Too often people get married and then immediately start to think they are in trouble or feel trapped and do not know how to handle these feelings. Then they start to feel guilty because they are having these feelings and mistakenly assume that when you get married you should automatically know how to be married.

If you think about it that is just the silliest thing you could do. Question: Did you know how to ride that bike before someone taught you? How about walking and talking? You had to learn that too right? So, what makes you think that you know how to be married? Who taught you how?

Oh sure, your parents can be a role model for you but if their relationship wasn’t good and they didn’t know how to be married, what have they taught you? Not much of anything except how to do it all wrong.

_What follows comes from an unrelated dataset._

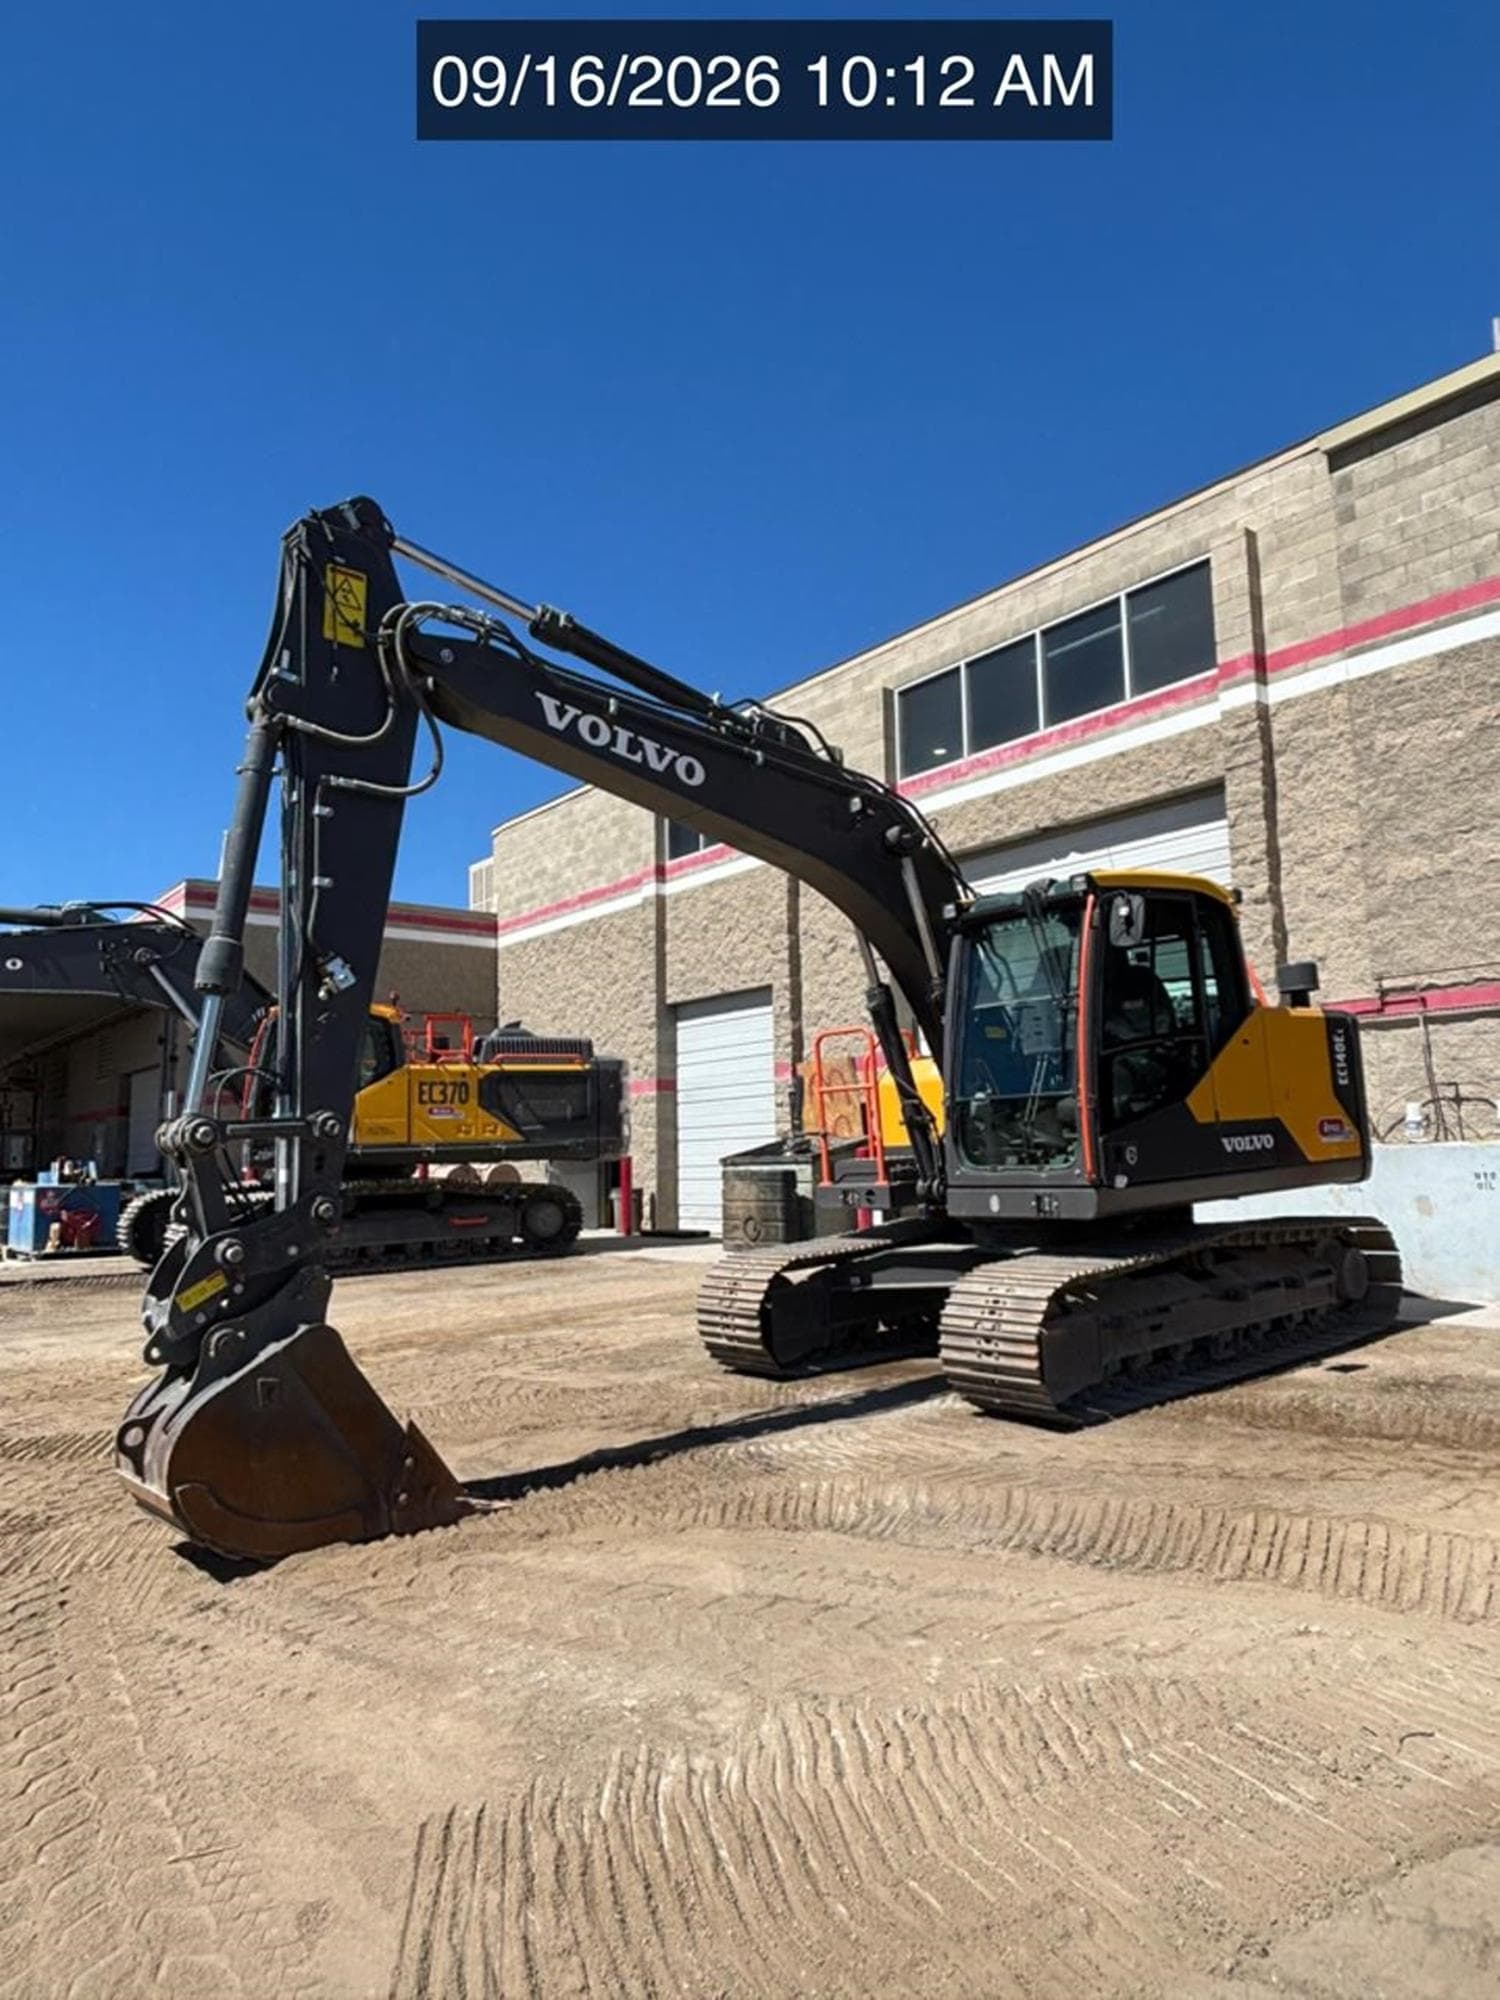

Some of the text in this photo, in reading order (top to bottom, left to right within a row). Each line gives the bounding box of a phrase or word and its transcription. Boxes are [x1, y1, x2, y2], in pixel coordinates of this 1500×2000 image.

[534, 690, 706, 787] VOLVO
[418, 1080, 470, 1105] EC370
[1221, 1133, 1275, 1153] VOLVO

If this is the case then learning how to save your marriage is of utmost importance. Where do you start? Start by talking to each other. Remember when you first met? You used to talk about anything and everything. What happened? What changed? The only thing that changed is the fact that the two of you got married.

Why should this be a problem? You love each other right? Well, of course you do. That is never the problem. The problem is the high standards you or your partner has that neither one of you can live up to. Marriage is all about making compromises and learning to become a partnership.

The best way to become a partnership is to talk things out all the time. Do not make the mistake of assuming you know what your partner is thinking or how they will react in any given situation. Ask them. Never take them or how they feel for granted. This will only cause more problems.

If you have just recently been married and you have encountered these problems already or you have been married for several years and are old hats at these problems, you can still help yourselves and make things right. Make a commitment to each other that you both will try harder to communicate better.

I know sometimes I forget that my partner is a human being and has thoughts and feelings and perceptions of their own and that I am not the only person in the relationship. I also know that we do communicate effectively most of the time but when one of us decides we know best that makes it difficult to make decisions together especially if the one who thinks they know the best will not listen to reason.

If you love each other but do not like each other much these days, you need to start nurturing your relationship and treating each other with respect. You need to get back to the point where your relationship comes first and the two of you feel connected. Clearing up any misunderstandings and hurt feelings is good advice on how to save your marriage.